Stanford University Engineers have shown that a novel design for a quantum computer that could help the practical versions of the machine will eventually become reality, reveal a New Atlas report.
The new design sees a single atom entangled with a series of photons, allowing it to process & store more information, as well as work at room temperature, unlike the prototype machines that companies like Google & IBM are developing.
New design uses simple components
Quantum computers rely on qubits rather than the ones & zeros, or bits, of classical computing. Qubits can exist in three different states: one, zero, or a superposition of one & zero at the same time, which means they can, in theory, perform calculations that classic computers would take thousands of years to achieve.

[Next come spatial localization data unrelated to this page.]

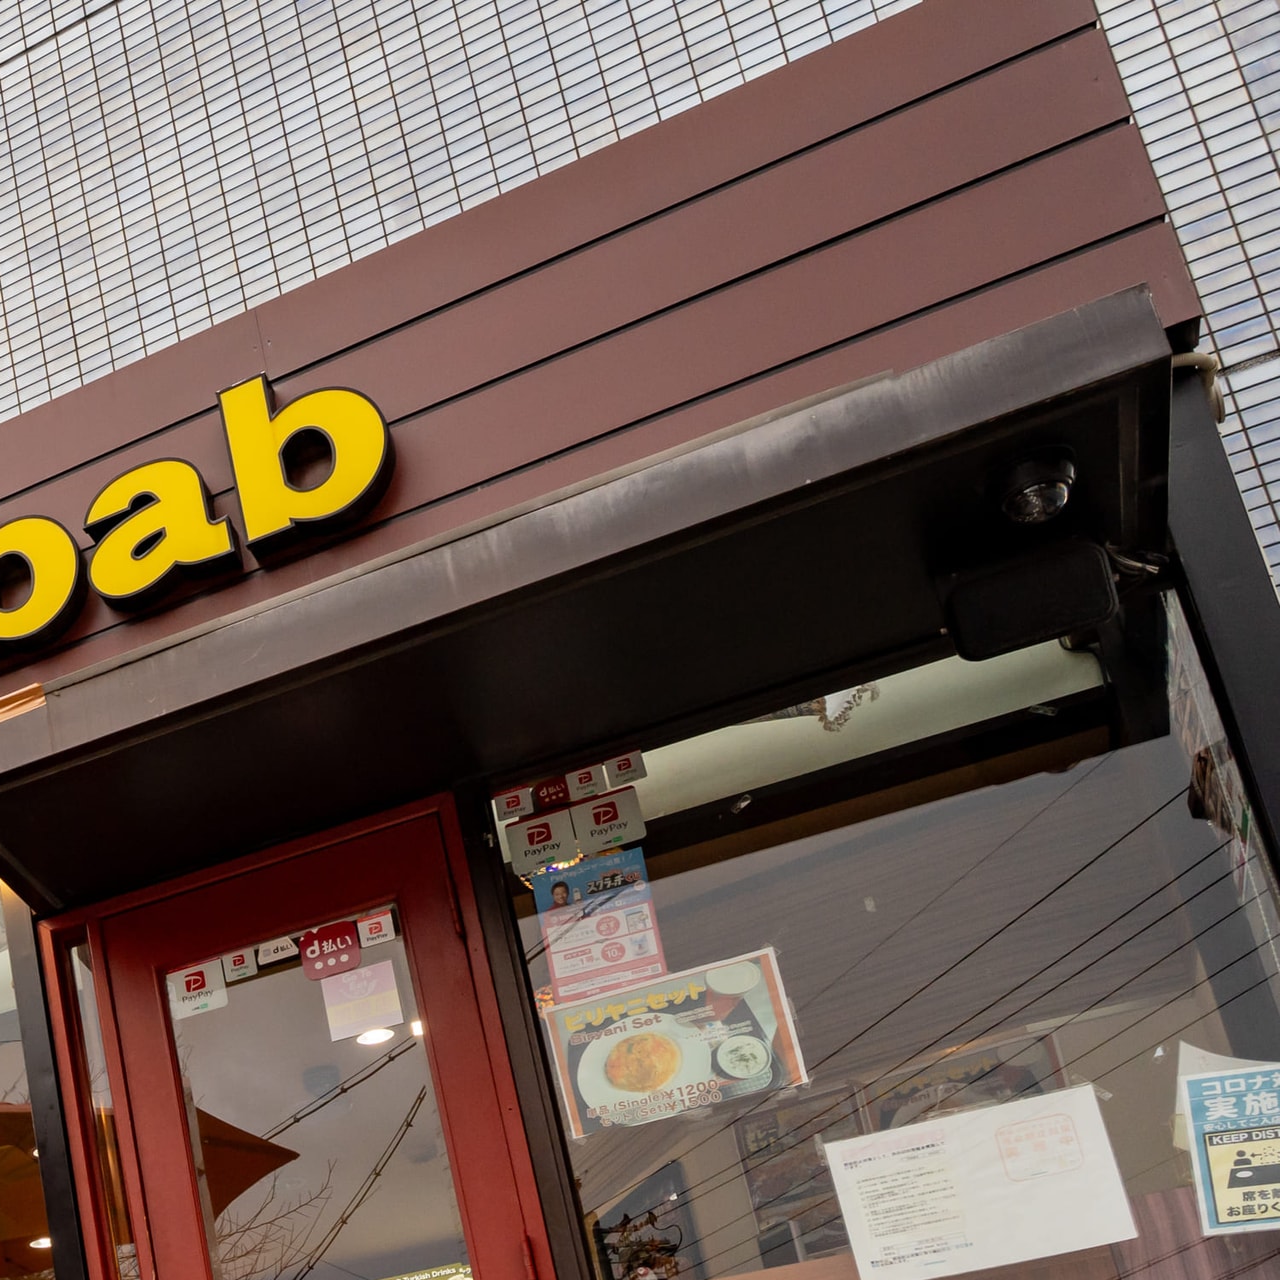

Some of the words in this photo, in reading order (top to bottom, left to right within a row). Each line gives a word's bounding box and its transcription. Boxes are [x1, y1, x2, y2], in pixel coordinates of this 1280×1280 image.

[590, 821, 628, 837] PayPay
[524, 842, 561, 857] PayPay
[366, 933, 388, 942] PayPay
[182, 988, 214, 1003] PayPay
[564, 982, 706, 1031] ビリヤニセット
[632, 1014, 662, 1029] Set
[1212, 1133, 1249, 1145] KEEP
[432, 1267, 456, 1278] Drinks

Although quantum computers have the ability to perform such complex tasks, until now they have been hindered by their sensitivity to heat & vibration, an issue that means they must be kept at temperatures close to absolute zero.

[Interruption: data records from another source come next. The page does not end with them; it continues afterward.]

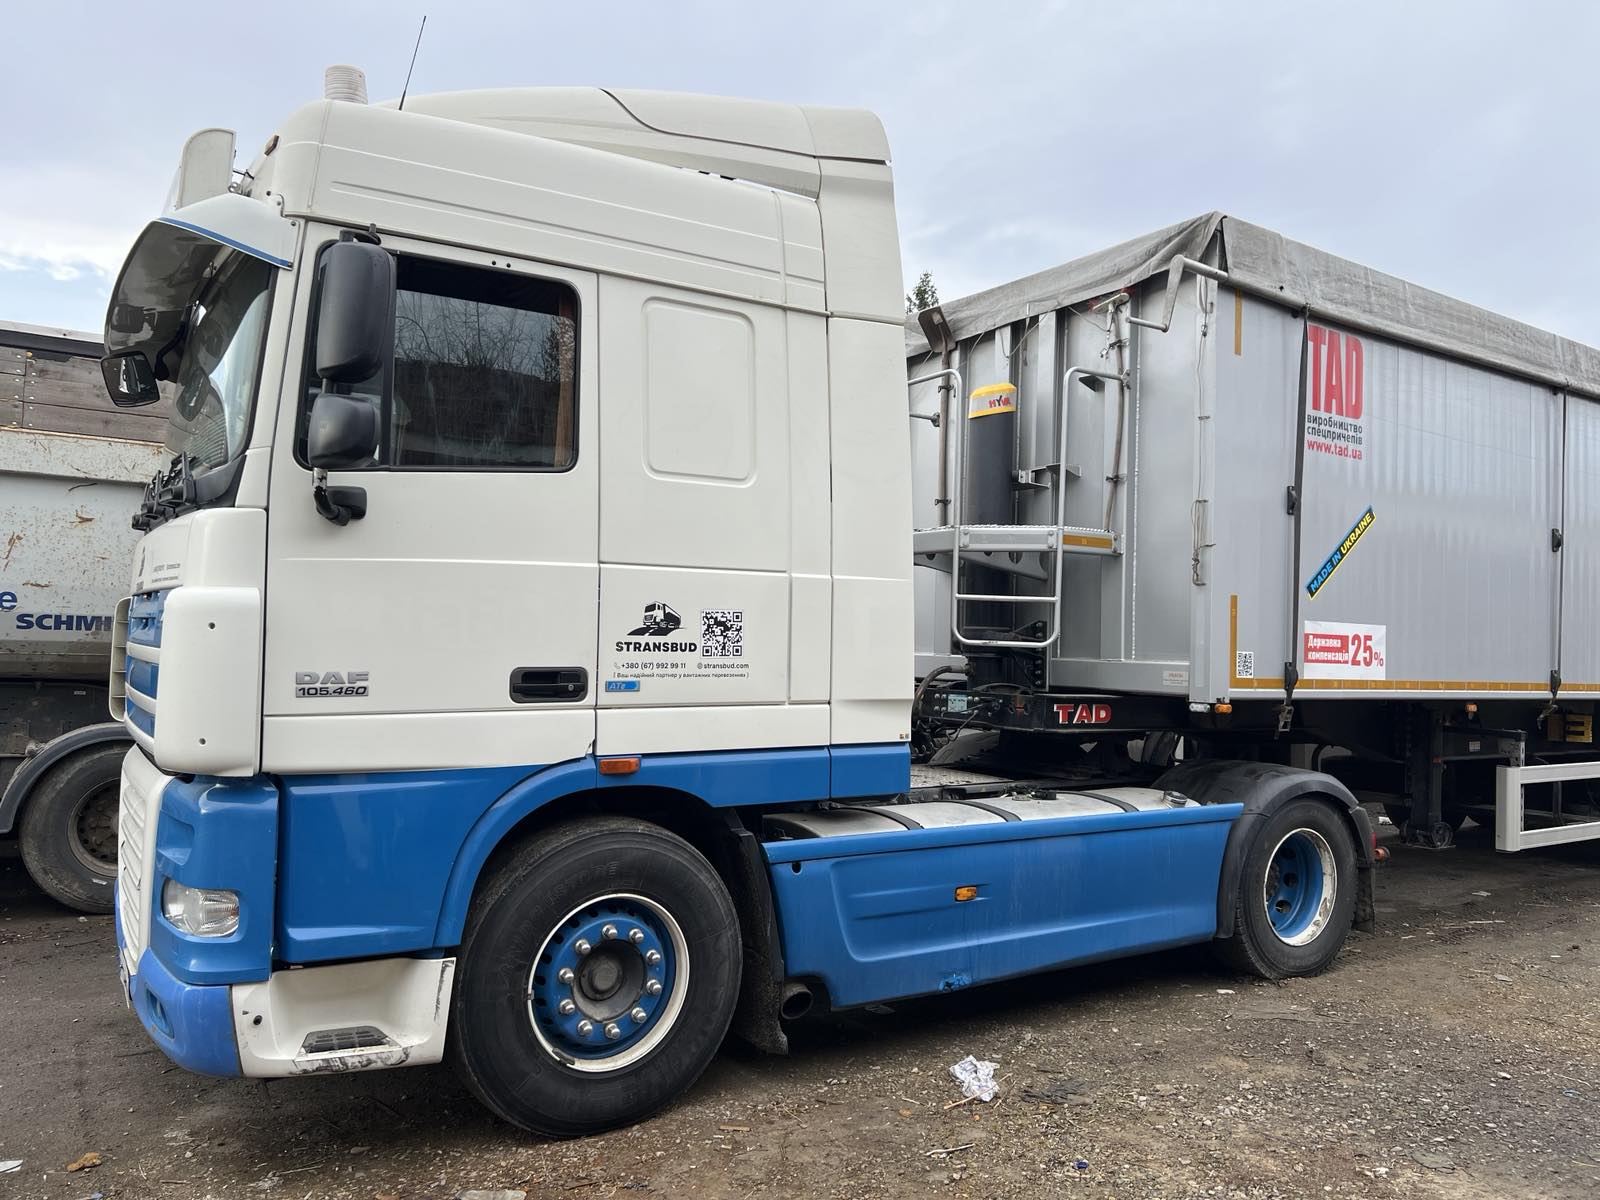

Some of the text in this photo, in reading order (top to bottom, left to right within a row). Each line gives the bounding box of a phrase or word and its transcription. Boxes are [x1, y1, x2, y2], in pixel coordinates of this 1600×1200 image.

[1307, 323, 1364, 420] TAD
[1307, 414, 1363, 434] виробництво
[1307, 425, 1363, 446] спецпричепів
[1306, 439, 1363, 460] www.tad.ua
[1310, 513, 1373, 592] MADE IN UKRAINE
[16, 613, 113, 632] SCHMI
[616, 641, 698, 653] STRANSBUD
[1351, 633, 1384, 667] 25%
[641, 662, 654, 670] (67)
[295, 671, 369, 685] DAF
[298, 686, 368, 696] 105.460
[1054, 703, 1112, 724] TAD

The Stanford team says their design eliminates much of the complexity that results in increased sensitivity to external disturbances. It is basically a giant photonic circuit made using a fiber optic cable, a beam splitter, two optical switches & an optical cavity. These are used to make the 2 main components of machine: a storage ring from the fiber optic cable & a dispersion unit.
“Normally, if you were to build this type of quantum computer, you would potentially have to take thousands of quantum emitters, make them all perfectly indistinguishable, & then fit them into a giant photonic circuit,” Ben Bartlett, lead author of study explains in a press release. “With this design, we only need a handful of relatively simple components, and the size of machine does not increase with size of the quantum program you want to run.

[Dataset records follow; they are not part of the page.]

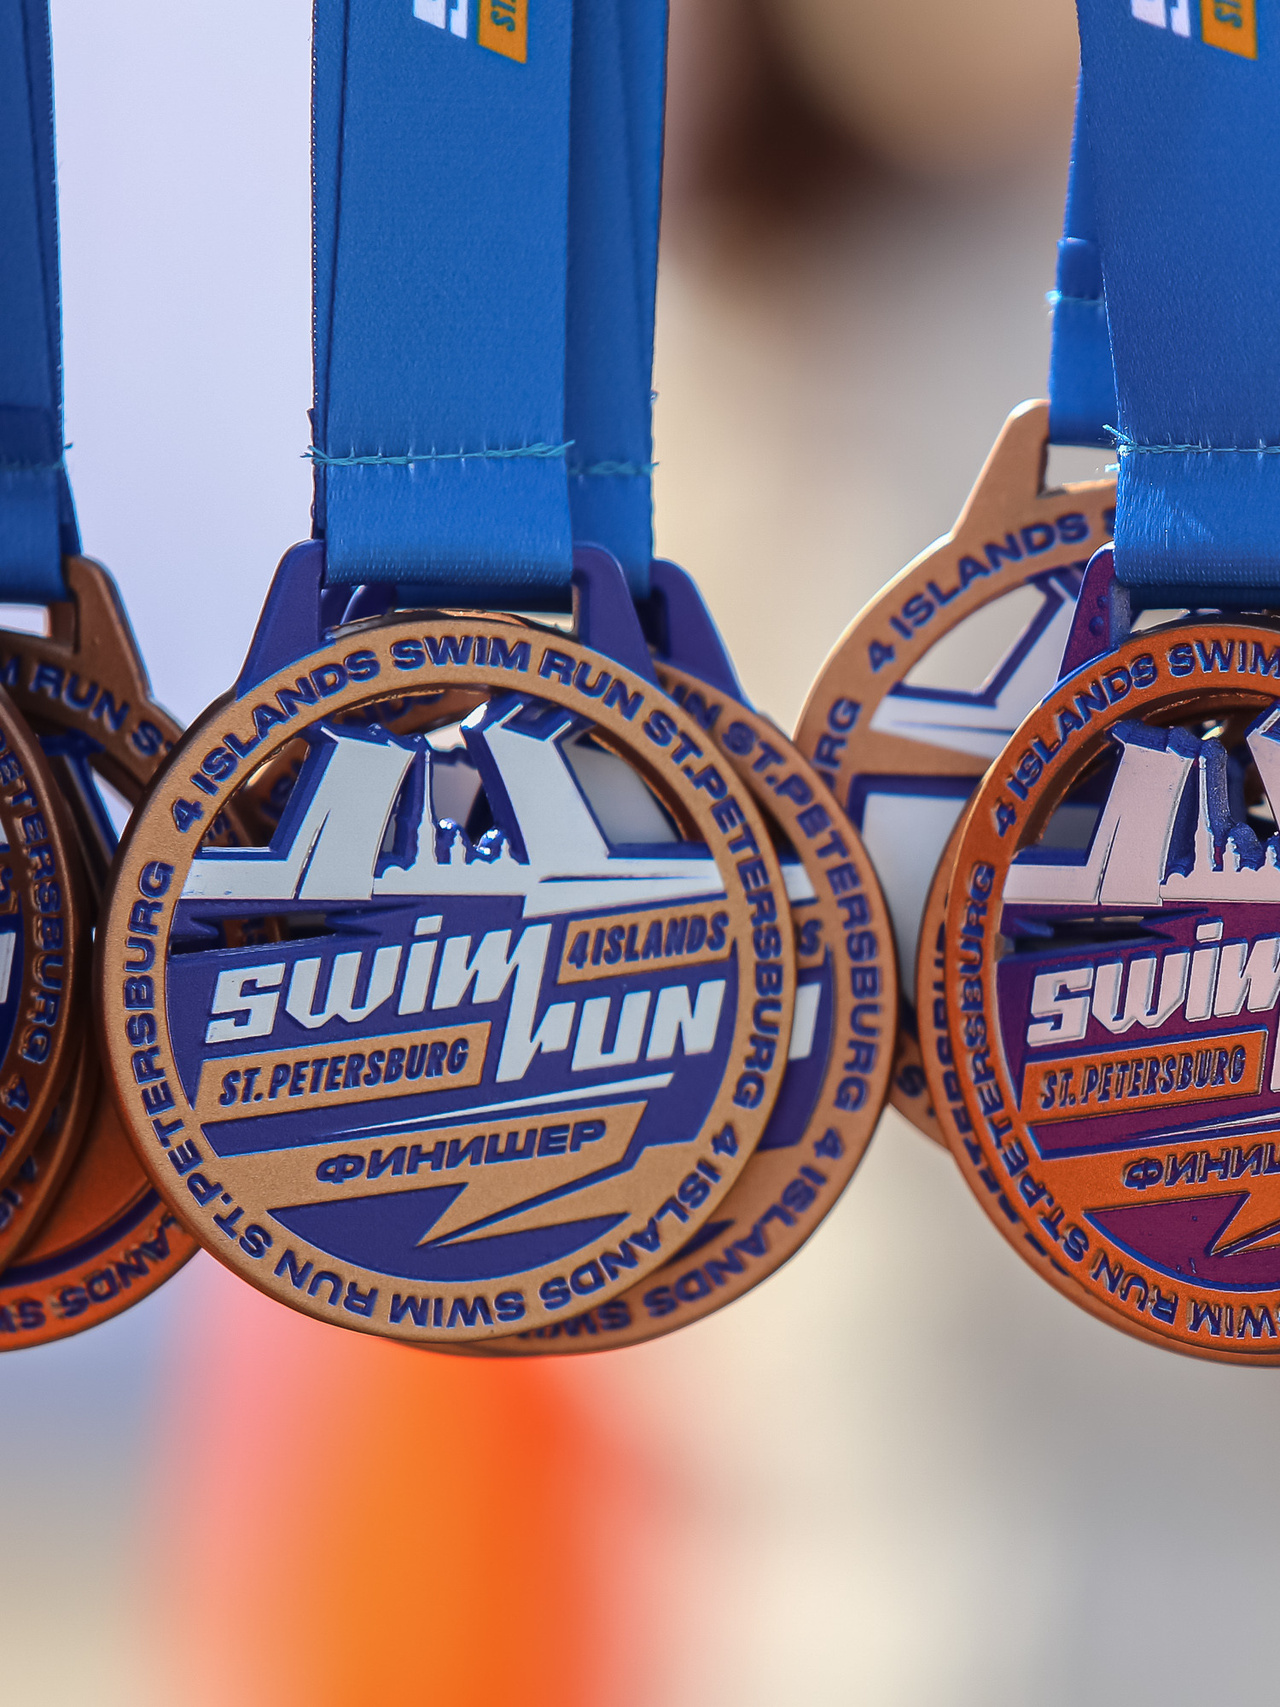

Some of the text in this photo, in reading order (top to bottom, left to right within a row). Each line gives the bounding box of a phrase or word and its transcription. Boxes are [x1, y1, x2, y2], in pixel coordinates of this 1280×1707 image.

[868, 513, 1090, 673] 4 ISLANDS
[390, 634, 529, 671] SWIM
[539, 648, 642, 720] RUN
[29, 660, 130, 731] RUN
[190, 650, 380, 797] ISLANDS
[1006, 653, 1157, 801] ISLANDS
[172, 798, 204, 833] 4
[994, 802, 1017, 838] 4
[643, 709, 783, 1110] ST.PETERSBURG
[722, 721, 880, 1111] ST.PETERSBURG
[123, 862, 273, 1259] ST.PETERSBURG
[218, 1039, 469, 1105] ST.PETERSBURG
[959, 862, 1089, 1263] ST.PETERSBURG
[1039, 1044, 1246, 1110] ST.PETERSBURG
[316, 1119, 606, 1184] ФИНИШЕР
[712, 1123, 738, 1157] 4
[814, 1123, 843, 1158] 4
[538, 1160, 722, 1311] ISLANDS
[643, 1166, 827, 1318] ISLANDS
[273, 1249, 378, 1318] RUN
[388, 1292, 526, 1329] SWIM
[1092, 1248, 1182, 1325] RUN

Harnessing quantum teleportation
The information contained in the machine are represented by the direction of the photon. One direction represents one, the other zero, and both at the same time (by the effects of quantum superposition) represent the 3rd state. All information is laser encoded into a single atom, which is entangled with photons. Since the atom can be reset & reused, the power of the computer can be scaled by simply adding photons in the ring. This eliminates the need to build multiple physical logic gates & thus greatly reduces the complexity of the machine.
“By measuring the state of atom, you can teleport operations to photons,” Bartlett explains. “So we just need a controllable atomic qubit & we can use it as a proxy to indirectly manipulate all other photon qubits.
Perhaps one of the main advantages of the Stanford team’s new system is that it can operate at room temperature, which means it can help significantly reduce the complexity of these machines, which promise to revolutionize computer problem solving capacity.